▸ PROBLEM TO SOLVE: Reproduce the entries. Match every word.

DATA SUPPLIED: Begin

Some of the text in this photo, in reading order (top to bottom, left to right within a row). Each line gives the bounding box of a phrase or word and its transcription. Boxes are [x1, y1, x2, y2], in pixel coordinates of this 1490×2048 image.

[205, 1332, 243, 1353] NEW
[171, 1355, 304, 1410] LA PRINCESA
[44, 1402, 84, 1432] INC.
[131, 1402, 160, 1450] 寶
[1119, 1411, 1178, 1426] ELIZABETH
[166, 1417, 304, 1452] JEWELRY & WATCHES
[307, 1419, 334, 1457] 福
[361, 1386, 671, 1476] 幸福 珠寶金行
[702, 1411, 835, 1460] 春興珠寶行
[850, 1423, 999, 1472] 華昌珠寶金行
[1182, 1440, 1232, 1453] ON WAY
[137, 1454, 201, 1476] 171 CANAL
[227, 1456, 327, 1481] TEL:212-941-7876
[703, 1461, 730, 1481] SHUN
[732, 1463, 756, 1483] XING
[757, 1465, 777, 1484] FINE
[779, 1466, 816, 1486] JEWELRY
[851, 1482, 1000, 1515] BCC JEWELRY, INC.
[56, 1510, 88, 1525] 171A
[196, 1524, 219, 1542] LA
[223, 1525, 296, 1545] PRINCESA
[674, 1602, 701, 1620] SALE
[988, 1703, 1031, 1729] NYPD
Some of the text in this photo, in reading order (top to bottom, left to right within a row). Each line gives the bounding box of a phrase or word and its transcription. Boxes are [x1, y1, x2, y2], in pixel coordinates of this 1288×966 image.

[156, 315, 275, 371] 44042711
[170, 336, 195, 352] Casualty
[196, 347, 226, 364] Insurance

DATA SUPPLIED: End

▸ RESPONSE:
Some of the text in this photo, in reading order (top to bottom, left to right within a row). Each line gives the bounding box of a phrase or word and its transcription. Boxes are [x1, y1, x2, y2], in pixel coordinates of this 1490×2048 image.

[205, 1332, 243, 1353] NEW
[171, 1355, 304, 1410] LA PRINCESA
[44, 1402, 84, 1432] INC.
[131, 1402, 160, 1450] 寶
[1119, 1411, 1178, 1426] ELIZABETH
[166, 1417, 304, 1452] JEWELRY & WATCHES
[307, 1419, 334, 1457] 福
[361, 1386, 671, 1476] 幸福 珠寶金行
[702, 1411, 835, 1460] 春興珠寶行
[850, 1423, 999, 1472] 華昌珠寶金行
[1182, 1440, 1232, 1453] ON WAY
[137, 1454, 201, 1476] 171 CANAL
[227, 1456, 327, 1481] TEL:212-941-7876
[703, 1461, 730, 1481] SHUN
[732, 1463, 756, 1483] XING
[757, 1465, 777, 1484] FINE
[779, 1466, 816, 1486] JEWELRY
[851, 1482, 1000, 1515] BCC JEWELRY, INC.
[56, 1510, 88, 1525] 171A
[196, 1524, 219, 1542] LA
[223, 1525, 296, 1545] PRINCESA
[674, 1602, 701, 1620] SALE
[988, 1703, 1031, 1729] NYPD
Some of the text in this photo, in reading order (top to bottom, left to right within a row). Each line gives the bounding box of a phrase or word and its transcription. Boxes are [x1, y1, x2, y2], in pixel coordinates of this 1288×966 image.

[156, 315, 275, 371] 44042711
[170, 336, 195, 352] Casualty
[196, 347, 226, 364] Insurance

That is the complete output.